地獄先生と陰陽師少女 作:花札
「何てこった……京都がこんな事になっていたとは」
「……!?」
本家の屋敷がある場所には、無数の妖の群れが攻め寄っていた。
「な、何で……」
「結界が破られていますね」
「そ、そんな……
氷鸞、早く!」
「承知」
降下し氷鸞は、屋敷へと向かった。だがそこへ向かう途中、妖怪の群れが麗華達に襲ってきた。
「急いでるのに……
焔!」
麗華は薙刀を出すと、シガンを下ろし氷鸞から飛び降り群れの中へと突っ込んだ。焔はすぐに狼の姿へなり、落ちていく麗華をキャッチし、そのまま群れに向かって火を吐いた。群れは一瞬で火に包まれ、その背後からまた新たな群れが攻め寄り、麗華は薙刀を振り回し群れを退治した。
「氷鸞!このまま行って!!」
「分かりました!」
翼を縮め、氷鸞は猛スピードで降下した。彼に続いて焔も、麗華を乗せそのまま降下した。
屋敷の庭に、氷鸞は着地した。玉藻は気を失っていたぬ~べ~を支え降り、彼に続いて楓も降りてきた。
そこへ氷鸞の妖気に気付いた龍二が、駆けつけてきた。
「龍二!」
「楓!」
駆けつけてきた龍二の元へ、楓は駆け寄った。
「大丈夫か?怪我はしてないか?」
「俺は大丈夫だ……つか、あの教師はまた気を失ってるのか?」
「……」
気を失っているぬ~べ~を、龍二は呆れて見た。そこへ焔が到着し、彼の背から麗華が飛び降り、龍二の元へ駆け寄った。彼女が降りたと共に、輝三達も駆けつけてきた。
「うわ!妖怪!!
風月!」
「あいよ!」
「待て」
玉藻に向かって攻撃しようとした時、輝三は慌てて陽一と風月を止めた。
「伯父さん、何でや?」
「あの狐は、麗華の知り合いだ」
「え?!あの、今にも人を襲うとしている奴が?!」
「アンタ、失礼にも程があるで」
「何や?!これは」
そこへ本家の者達が駆け寄り、麗華はすぐに龍二にしがみ付き後ろへ隠れ、焔は鼬姿へとなり彼女の肩へと登りシガンは鎌鬼の姿になり、氷鸞は人の姿へとなり二人は龍二達の前に立った。
「何者です?この者達は」
「この二人……とてつもない、妖気を感じますが」
「龍二達の知り合いだ。助けて貰おうと呼んでもらった」
「呼んだって……この霧で、しかも結界が張っているのにどうやって」
「コイツに行ってもらった」
輝三の言葉に応えるかのようにして、龍二の後ろに隠れていた麗華はそっと顔を出した。彼女の顔を見た瞬間、本家達は顔を強張らせた。

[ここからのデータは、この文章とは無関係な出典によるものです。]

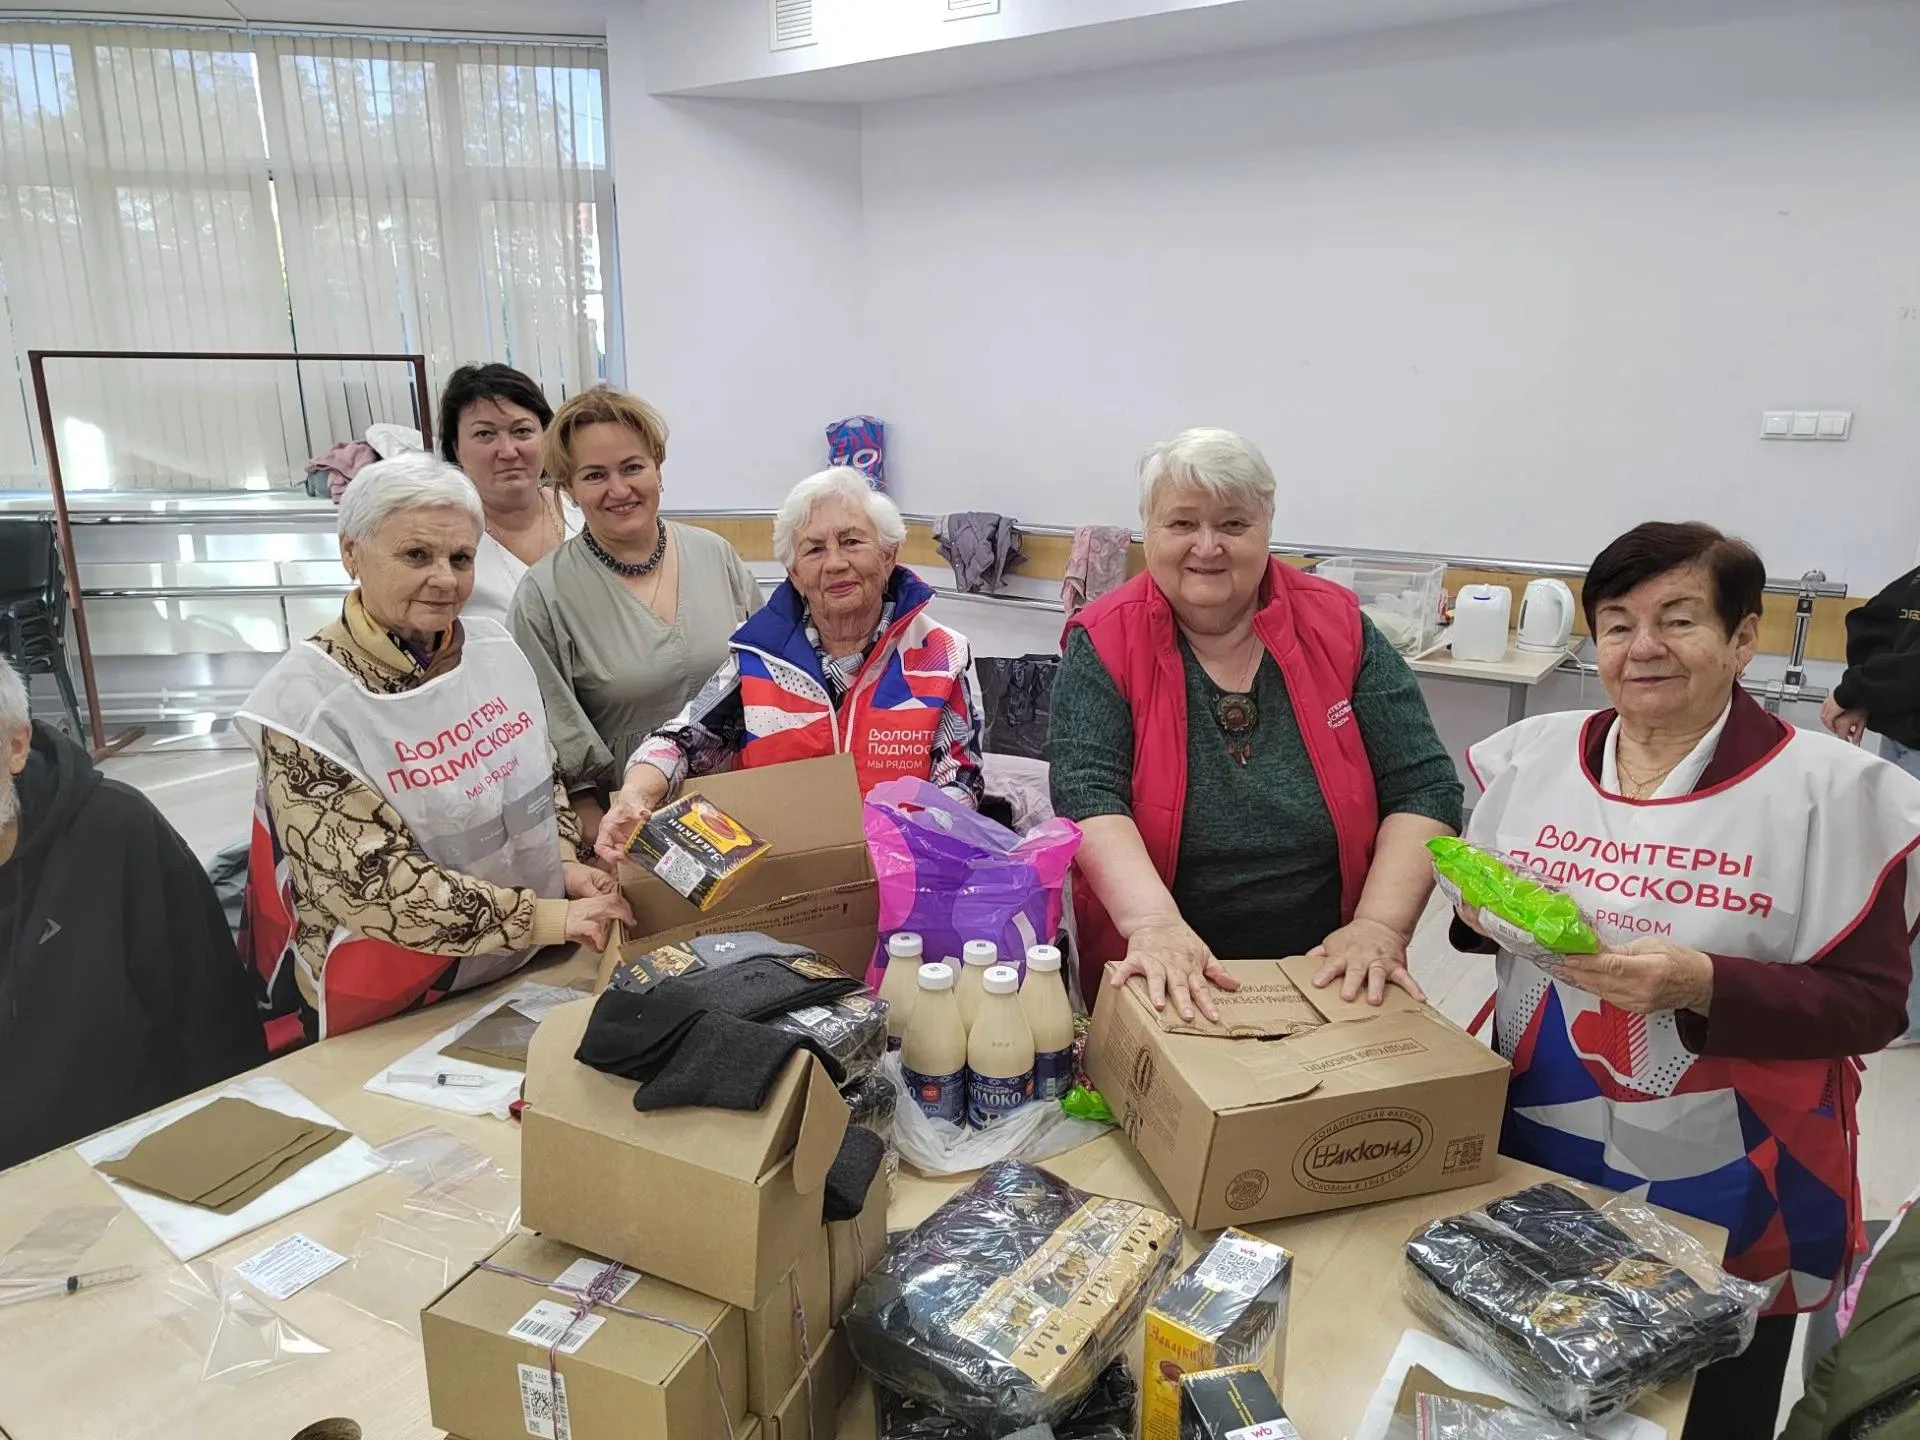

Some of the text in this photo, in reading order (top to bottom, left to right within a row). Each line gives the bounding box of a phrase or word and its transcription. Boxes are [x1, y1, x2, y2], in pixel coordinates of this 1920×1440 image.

[867, 760, 923, 771] МЫ РЯДОМ
[1535, 824, 1753, 878] ВОЛОНТЕРЫ
[1596, 909, 1672, 936] РЯДОМ
[1251, 1426, 1273, 1439] wb
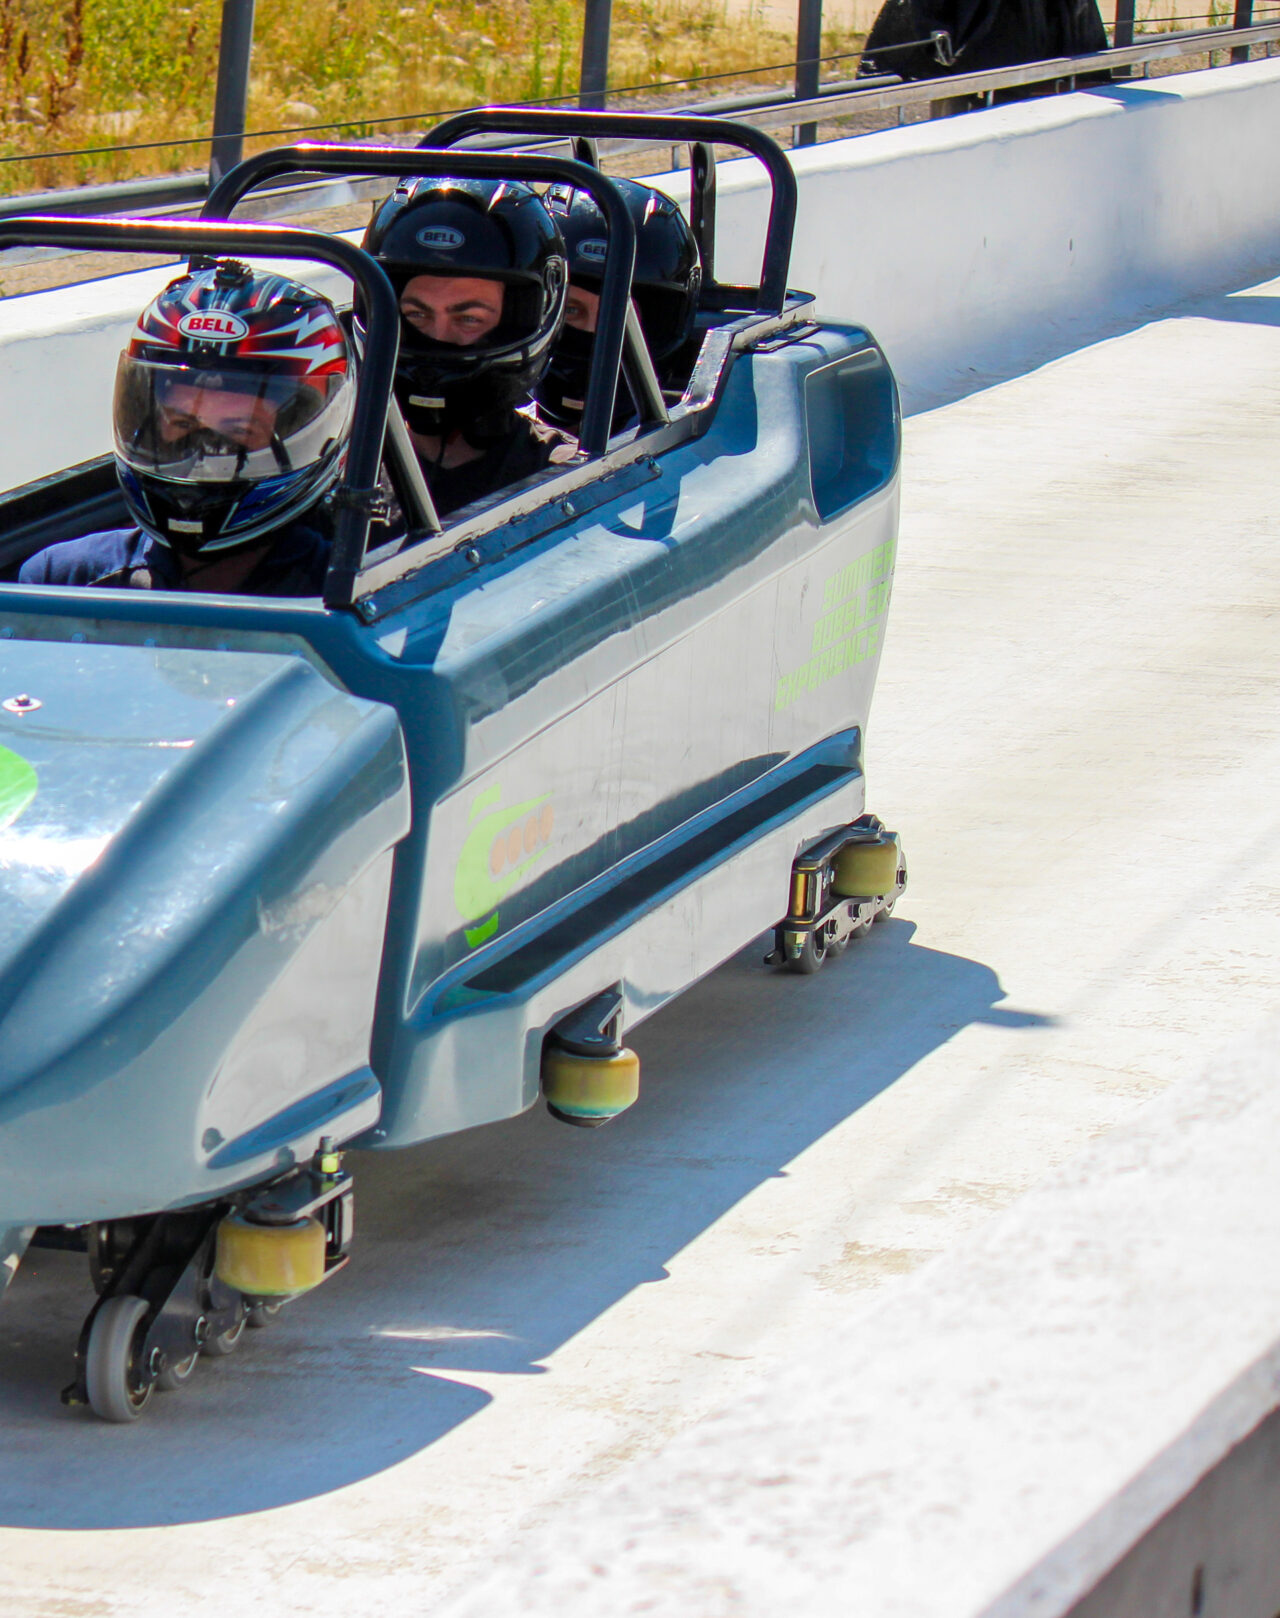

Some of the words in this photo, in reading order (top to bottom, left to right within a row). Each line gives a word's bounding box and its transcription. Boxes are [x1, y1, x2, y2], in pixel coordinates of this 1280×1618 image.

[422, 231, 457, 244] BELL
[583, 244, 607, 257] BEL
[187, 317, 237, 335] BELL
[823, 538, 896, 613] SUMMER
[812, 580, 890, 654] BOBSLED
[774, 623, 881, 713] EXPERIENCE

「お前さん方が、くだらない話をしている最中に、行ってもらった」
「何ちゅうことを!!輝三はん!
あんさん、自分が何をしたか」
「ガキ一人閉じ込めてる暇があんなら、この事態をどう解決するか考えろ!!
他人に全て責任を擦り付けやがって……その間にでも退治するかと思えば、くだらない話をしやがって」
「……」
「ま、これからまた話をする」
「話?」
「結界が破られた今、手を打たねぇとここもヤバい。
全員、本堂に呼べ。無論ガキ共もだ」
本家者達は渋々、輝三の言う通りに動いた。彼等が去った後、麗華は龍二の後ろから姿を現した。
「プライドだけは、高いみたいですね」
「力は、この二人より無い。いい迷惑だ」
「……」
麗華は龍二に頭を撫でられて、安心した表情を浮かべて彼を見上げ、彼と共に本堂へ向かった。
本堂へ入り、一族は全員席に着いた。ぬ~べ~は頭に巨大なタンコブを作り、玉藻の隣に座っていた。
「なぜ、頭にタンコブが……」
「それは麗華君に、聞いてください」
「なかなか起きないから、一発活を入れました」
「お前……」
「そろそろ、口閉じろ。当主が来る」
龍二の言葉通り、当主が部屋へと入り中心に座った。
「さて……事情は全て分かっていると思われます。
あの妖を、どうやって封印するかです。今回の話は」
「そんなん簡単な事ではないですか。
原因を作った、神崎麗華をあの妖に渡せば全て丸く治まります」
「ちょっと、それどういう意味?
アンタ、他人の子供を殺す気なの?」
「何です?この者は?」
「神崎優華の式神……名は楓」
「優華……あぁ、龍二君の麗華さんの母親の」
「式神が、口出しするのはやめて貰いまへんか?」
「やめません。あなた方がやろうとしているのは、人殺しと同じです」
「ま!何て事を」
「それでは、我等が殺人犯の様ではないですか?!」
「そうなんじゃないんですか?
それとも、自分の子供を贄に出す勇気がありますか?」
「っ……」
「その勇気があるならば、麗華をその妖に差し出しても構いません」
「……」
「黙り込むところを見ると、君達は他人はいいけど自分は嫌だって感じだね。二人に親がいないことをいいことに、言いたい放題言って……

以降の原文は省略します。